*Goal of the exercise*.
Could you restate every entry word for word, minus the pictures?

*Input material*.
--------
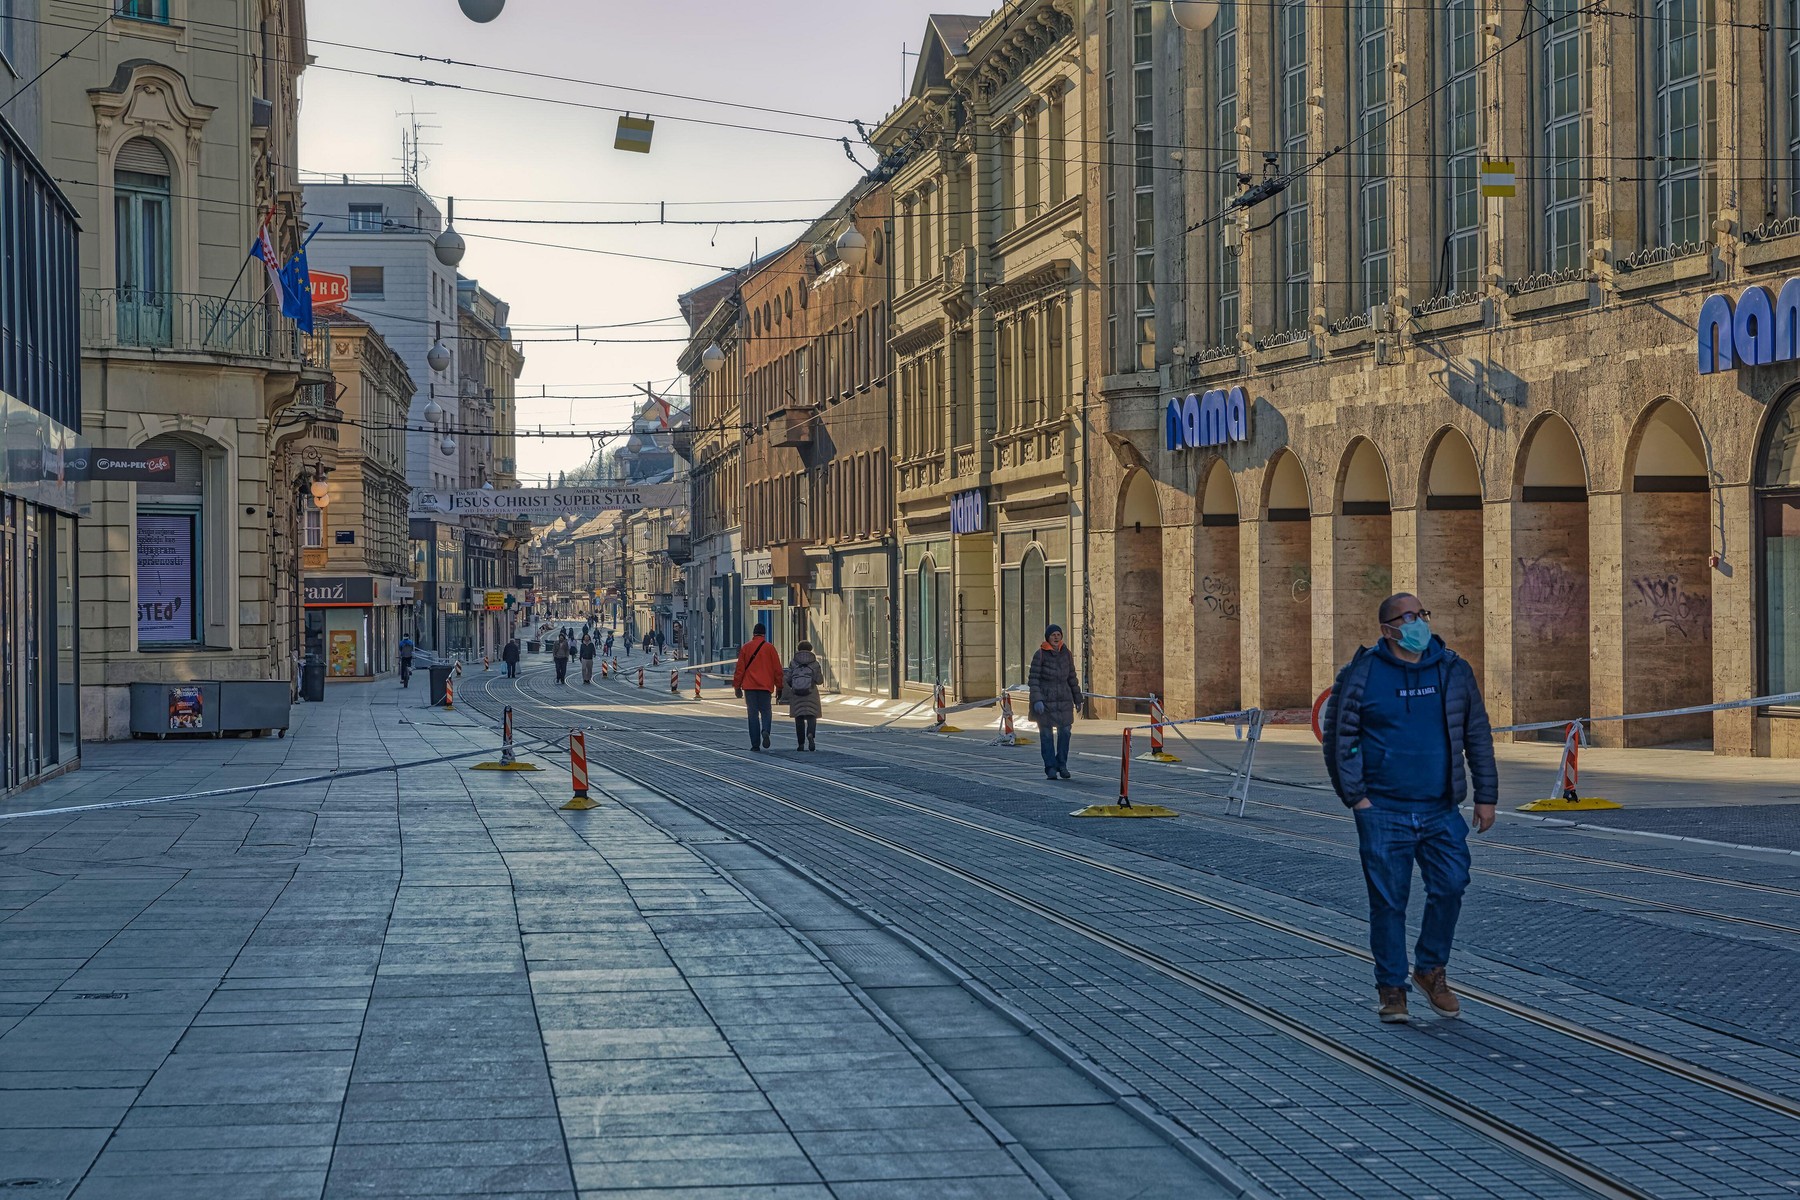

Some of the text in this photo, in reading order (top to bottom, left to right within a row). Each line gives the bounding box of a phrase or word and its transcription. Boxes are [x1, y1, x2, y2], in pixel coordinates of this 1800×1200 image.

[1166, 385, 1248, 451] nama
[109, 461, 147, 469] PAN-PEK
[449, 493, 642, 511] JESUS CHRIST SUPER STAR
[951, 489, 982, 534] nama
--------
*Solution to the exercise*.
Some of the text in this photo, in reading order (top to bottom, left to right within a row). Each line gives the bounding box of a phrase or word and its transcription. Boxes are [x1, y1, x2, y2], in pixel coordinates of this 1800×1200 image.

[1166, 385, 1248, 451] nama
[109, 461, 147, 469] PAN-PEK
[449, 493, 642, 511] JESUS CHRIST SUPER STAR
[951, 489, 982, 534] nama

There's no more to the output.